HHS cuts maximum civil monetary penalties for HIPAA violations
The Department of Health and Human Services has issued a notice reducing the maximum civil monetary penalty for all but the most serious HIPAA violations involving uncorrected willful neglect.
HHS is exercising its “enforcement discretion” in how it applies the agency’s regulations concerning the assessment of HIPAA civil money penalties, according to a notification published in the Federal Register.
“Current HHS regulations apply the same cumulative annual (civil monetary penalty) limit across four categories of violations based on the level of culpability,” states the notice. “As a matter of enforcement discretion and pending further rulemaking, HHS will apply a different cumulative annual CMP limit for each of the four penalties tiers in the HITECH Act.”

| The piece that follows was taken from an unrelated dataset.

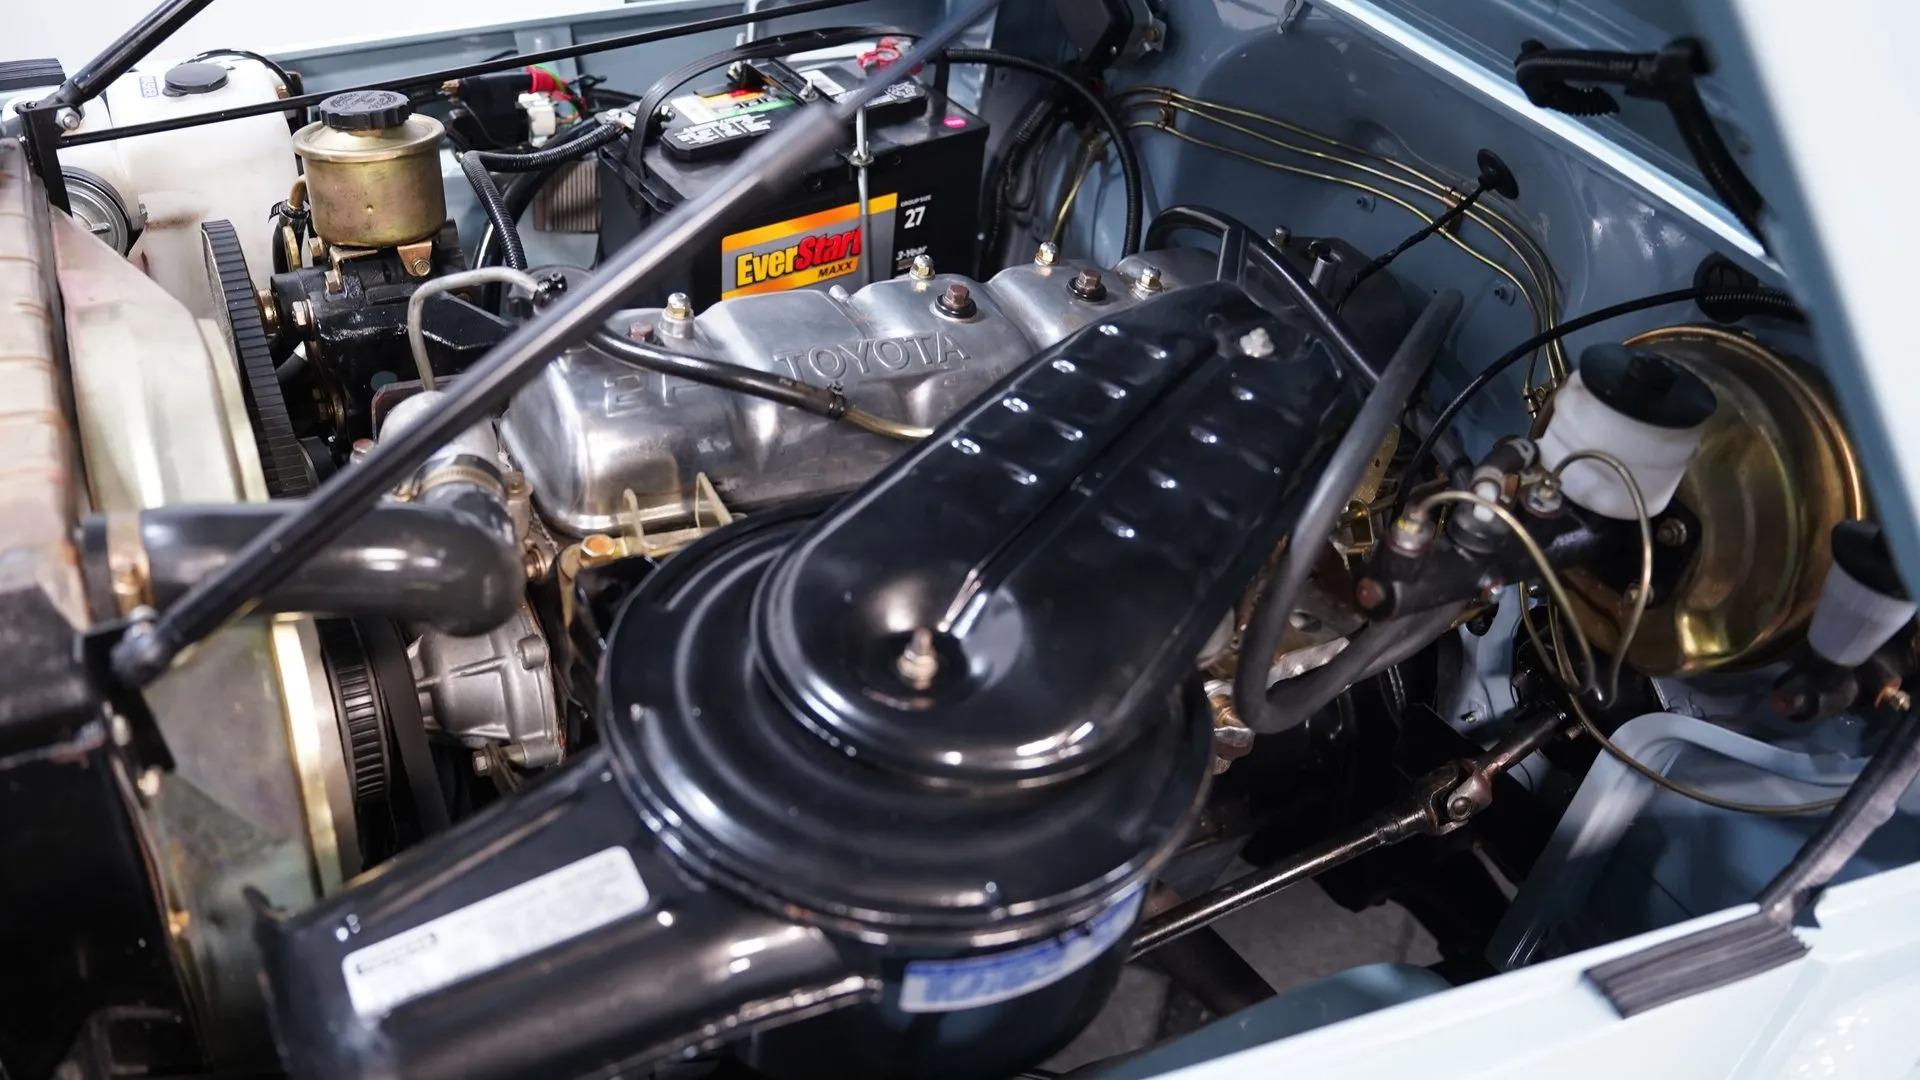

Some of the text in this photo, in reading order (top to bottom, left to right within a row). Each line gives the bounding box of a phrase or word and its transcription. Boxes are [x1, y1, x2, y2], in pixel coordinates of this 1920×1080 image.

[904, 205, 926, 229] 27
[736, 225, 863, 288] EverStart
[818, 260, 853, 279] MAXX
[772, 331, 972, 383] TOYOTA

While a 2013 rule applied a maximum penalty of $1.5 million for all four penalty tiers under the HITECH Act, based on further review of the statute by the HHS Office of the General Counsel, the agency “has determined that the better reading of the HITECH Act” is to reduce the maximum penalty for three of the four tiers as follows: $25,000 for no knowledge, $100,000 for reasonable cause and $250,000 for corrected willful neglect.
However, the maximum penalty for uncorrected willful neglect—the most serious HIPAA violation—remains at $1.5 million.

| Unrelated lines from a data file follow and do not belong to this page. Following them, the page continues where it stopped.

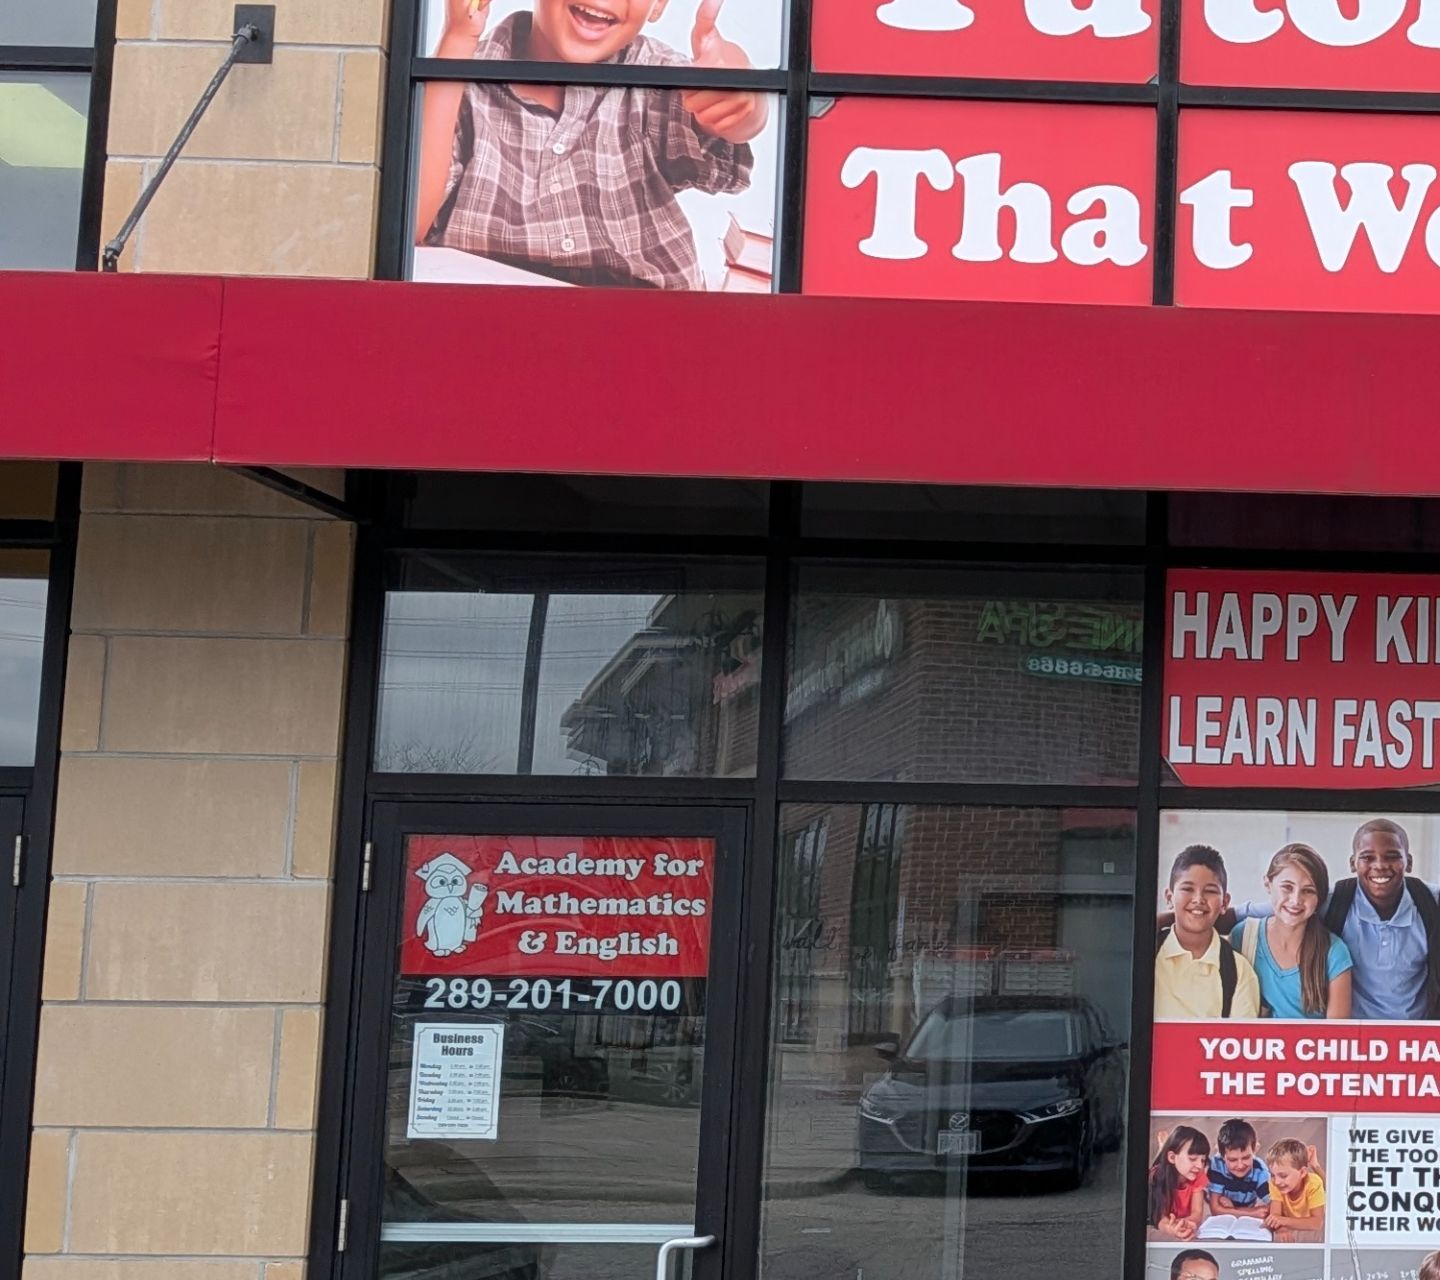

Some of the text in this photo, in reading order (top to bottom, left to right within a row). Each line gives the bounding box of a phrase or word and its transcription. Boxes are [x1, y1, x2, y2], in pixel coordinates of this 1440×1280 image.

[841, 145, 1254, 271] That
[1171, 590, 1358, 663] HAPPY
[1168, 695, 1317, 766] LEARN
[494, 851, 705, 881] Academy for
[495, 890, 707, 917] Mathematics
[517, 930, 680, 961] & English
[423, 977, 682, 1011] 289-201-7000
[433, 1032, 484, 1044] Business
[441, 1045, 474, 1056] Hours
[1199, 1037, 1286, 1062] YOUR
[1295, 1038, 1389, 1062] CHILD
[1200, 1071, 1266, 1096] THE
[1348, 1129, 1379, 1144] WE
[1385, 1129, 1434, 1144] GIVE
[1347, 1148, 1391, 1163] THE
[1348, 1166, 1404, 1188] LET
[1346, 1216, 1410, 1232] THEIR

“HHS will use this penalty tier structure, as adjusted for inflation, until further notice,” states the notification, adding that “this exercise of enforcement discretion is effective indefinitely.”

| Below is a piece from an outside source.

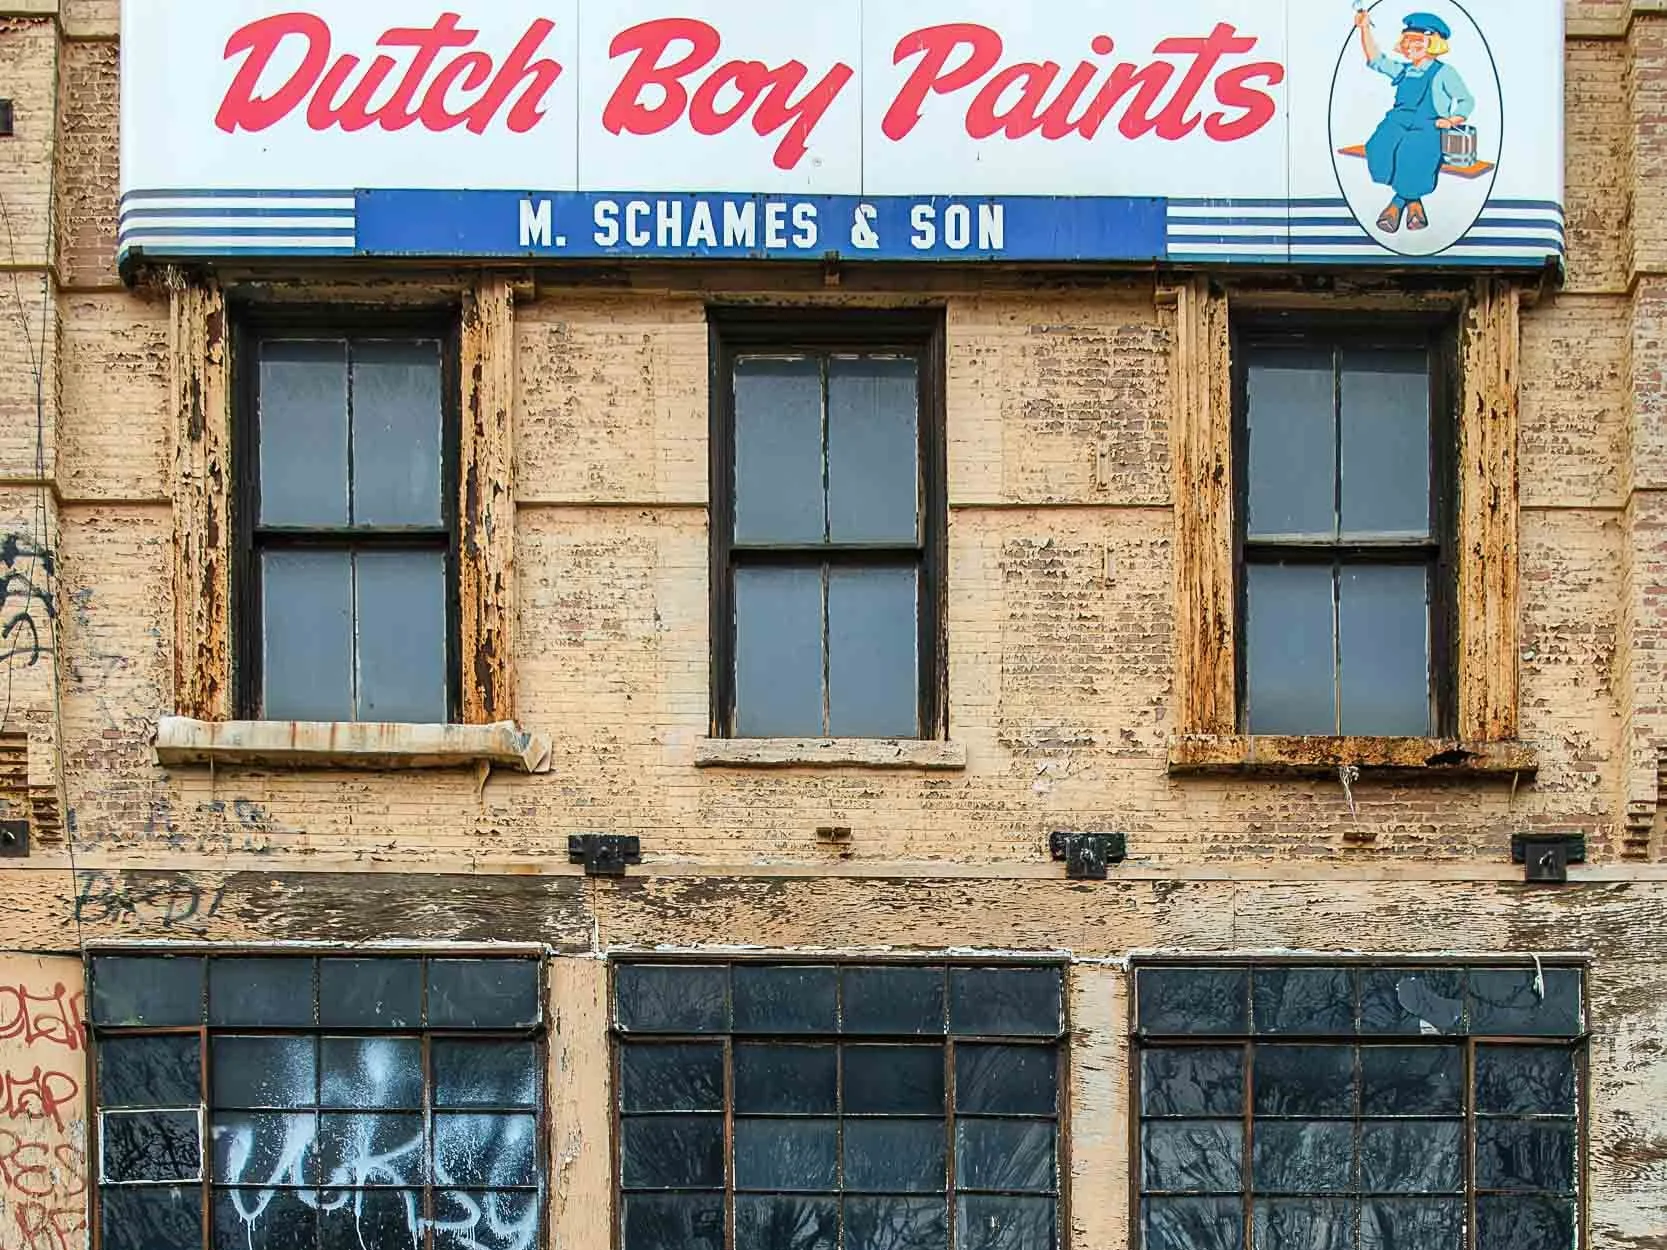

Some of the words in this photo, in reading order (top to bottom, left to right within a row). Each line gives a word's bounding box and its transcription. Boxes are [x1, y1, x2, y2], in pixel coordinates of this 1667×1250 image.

The announcement comes on the heels of a banner year in 2018 for the HHS Office for Civil Rights, which set an all-time record for HIPAA enforcement activity in terms of overall dollar value.
Last year, OCR also reported the single largest individual HIPAA settlement in history of $16 million with Anthem—a nearly three-fold increase over the previous record settlement of $5.5 million in 2016.